Partial Meniscectomy on Articular Cartilage
Young athletes who have undergone a partial or full meniscectomy due to a meniscus injury or prior non-treated ACL tears have a very high chance of developing osteoarthritis later in life, which has been found to be between 65% to 90% of the time. Overall, osteoarthritis is a degenerative articular cartilage joint disease that is characterized by articular cartilage maturation and hypertrophy, cartilage matrix degeneration and erosion, and osteophyte (bone spur) formation, and because of this it is a leading cause of disability in the United States, affecting a third of the population 65 years or older. The unfortunate thing is that there are no existing disease modifying osteoarthritis drugs that can effectively prevent, slow down, or treat osteoarthritis. In addition, there are no specific surgical interventions to reliably repair partial articular cartilage lesions to prevent the progression to end-stage arthritis. The current way that the majority of cases of osteoarthritis in older patients are managed is by treating the symptoms of pain and inflammation with exercise, corticosteroid injections, viscosupplementation and ultimately total joint replacements.

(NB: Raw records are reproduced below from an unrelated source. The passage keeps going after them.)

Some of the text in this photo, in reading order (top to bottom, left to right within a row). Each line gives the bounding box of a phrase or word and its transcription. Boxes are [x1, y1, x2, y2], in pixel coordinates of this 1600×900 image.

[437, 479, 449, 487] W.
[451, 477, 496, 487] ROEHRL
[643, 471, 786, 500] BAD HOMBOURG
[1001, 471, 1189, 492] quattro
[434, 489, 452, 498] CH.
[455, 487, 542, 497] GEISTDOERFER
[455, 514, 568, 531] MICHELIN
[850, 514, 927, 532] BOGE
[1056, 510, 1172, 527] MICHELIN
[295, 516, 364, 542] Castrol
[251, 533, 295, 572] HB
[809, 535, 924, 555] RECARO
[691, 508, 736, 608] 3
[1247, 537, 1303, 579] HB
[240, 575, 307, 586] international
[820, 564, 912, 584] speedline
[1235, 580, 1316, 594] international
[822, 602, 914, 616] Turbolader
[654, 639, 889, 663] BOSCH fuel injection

Untreated meniscal tears, including macerated tissue tearing, has been reported to be a known risk factor for the development of arthritis over a 2-1/2 year time, with an almost 5 times increased risk of arthritis. In addition, a total meniscectomy increases the risk of arthritis by 14 times at 21 years postoperation and a partial meniscectomy increases the risk of arthritis by 4 times 16 years after surgery.

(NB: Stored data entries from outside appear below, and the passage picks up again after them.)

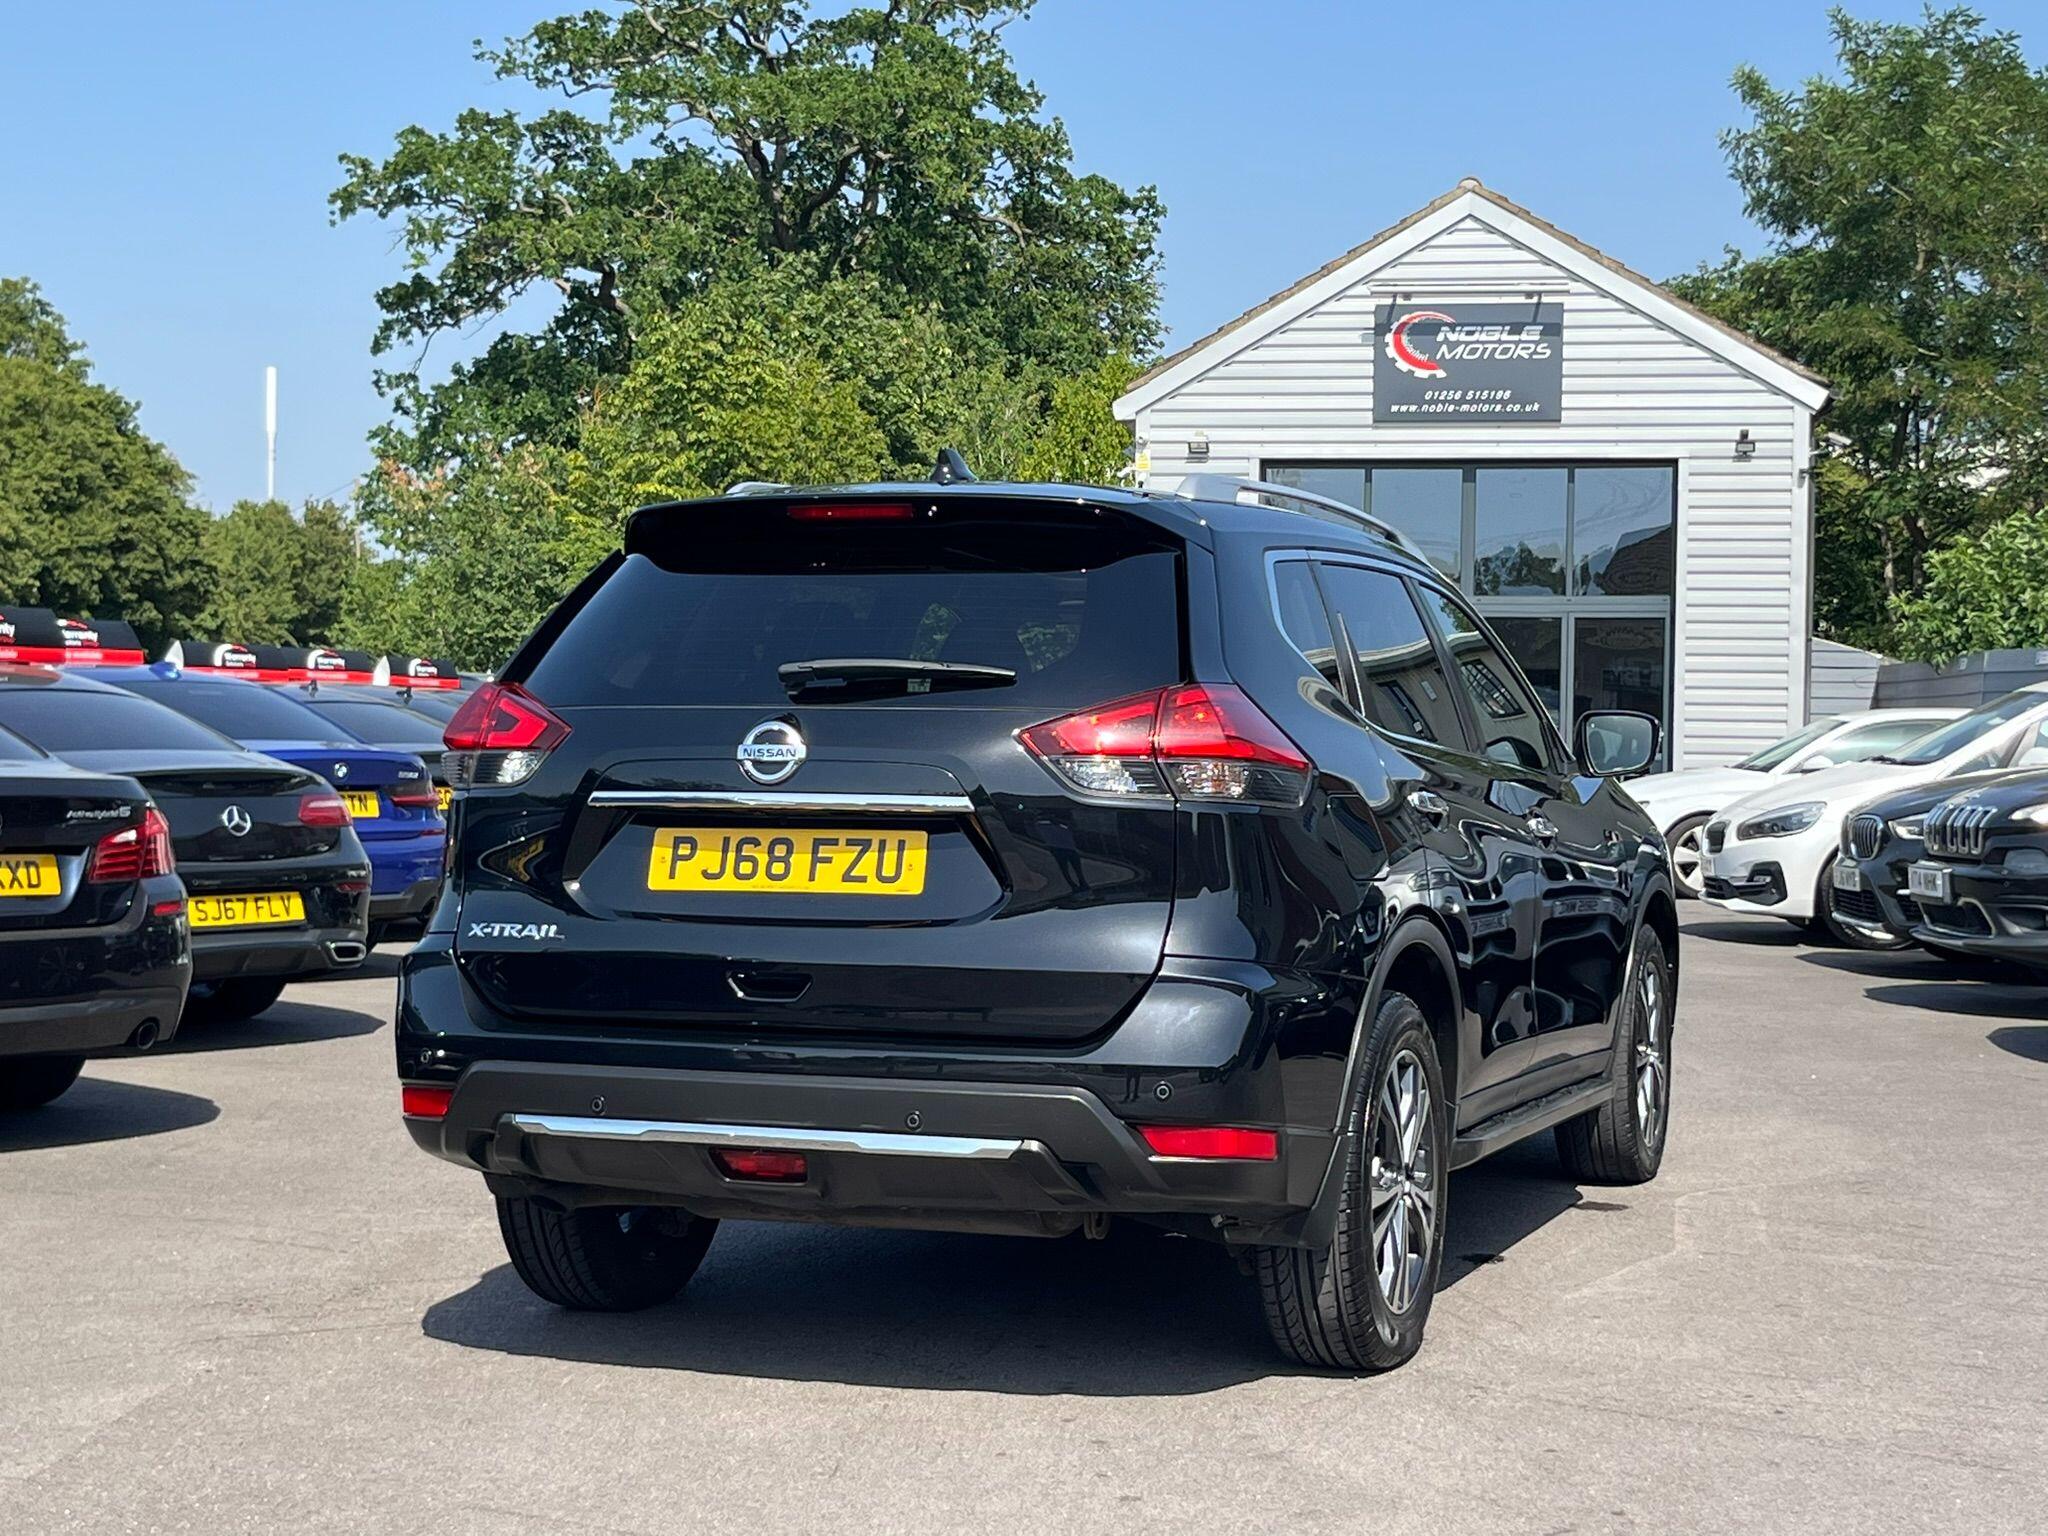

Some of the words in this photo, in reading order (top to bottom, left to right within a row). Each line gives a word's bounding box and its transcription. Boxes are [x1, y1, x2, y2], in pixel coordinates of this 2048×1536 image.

[1435, 325, 1544, 342] NOBLE
[1435, 343, 1552, 360] MOTORS
[1424, 390, 1463, 400] 01256
[1390, 402, 1541, 413] www.noble-motors.co.uk
[742, 747, 797, 758] NISSAN
[668, 836, 794, 882] PJ68
[808, 838, 907, 884] FZU
[194, 897, 247, 922] SJ67
[255, 895, 292, 919] FLV
[467, 922, 567, 940] X-TRAIL

Effects of Meniscectomy on Gait Mechanics
It is also known that patients who have a meniscectomy have gait mechanics that are altered because of the lack of meniscal support. Patients who have undergone partial medial meniscectomies have been reported to have increases in external rotation in walking which can overload the cartilage. These small increases in rotation may result in the thinner cartilage, which is not adapted to receiving as much force, being the main source of joint loading over time and could lead to the further progression of arthritis in these patients. In addition to these structural changes after a meniscectomy, knee motion also is consistently decreased in operative versus contralateral limbs. Thus, early physical therapy to restore motion is an important portion of the patient’s postoperative rehabilitation. In addition, it is important to recognize that the small alterations and joint kinematics can over time have large effects on the cartilage and lead to arthritis.

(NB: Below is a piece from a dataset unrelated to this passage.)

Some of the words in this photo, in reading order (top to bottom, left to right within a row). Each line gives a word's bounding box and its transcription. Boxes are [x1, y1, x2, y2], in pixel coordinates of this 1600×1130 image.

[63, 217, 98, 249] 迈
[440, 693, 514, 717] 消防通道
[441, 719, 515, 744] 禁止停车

It is assumed that in addition to loss of mechanical function and shock absorption from the meniscus tear, inflammation develops in the joint after an injury. The inflammatory response often will set off cytokines, specifically interleukin-1 and tumor necrosis factor alpha (TNF –alpha), which can lead to the development of cartilage wear and breakdown. In addition to meniscal damage after traumatic injury, it is known that obesity or aging (or both), can also result in increased inflammatory cytokines in the knee joint over time. Thus, a means to slow down this increased systemic inflammation should be indicated.
In addition to the local effects on the cartilage of inflammatory cytokines causing cartilage wear, it is also important to recognize that the acute inflammation can lead to increased pain. Pain can also result in modification of the patient’s gait, which can change the load pattern and lead to further cartilage wear. In addition, it is well recognized that a patient with a varus knee alignment will have greater medial cartilage overload and the same is true for the valgus aligned knee having more lateral cartilage overload after a meniscus resection in the same (ipsilateral) compartment. Thus, losing the meniscus and the affected compartment when one has a joint malalignment will cause the cartilage to wear out even faster over time. It is important to recognize it is not just a surgical meniscectomy that can cause these changes. Meniscal damage without a meniscectomy can still lead to significant changes in the location and amount of load the articular cartilage which can lead to arthritis. Thus, it is important to judge if a patient has pain, which can lead to changes in gait mechanics and muscle strength, as an important indication to proceed with a meniscectomy to slow down the progression of arthritis, even if it is a degenerative tear.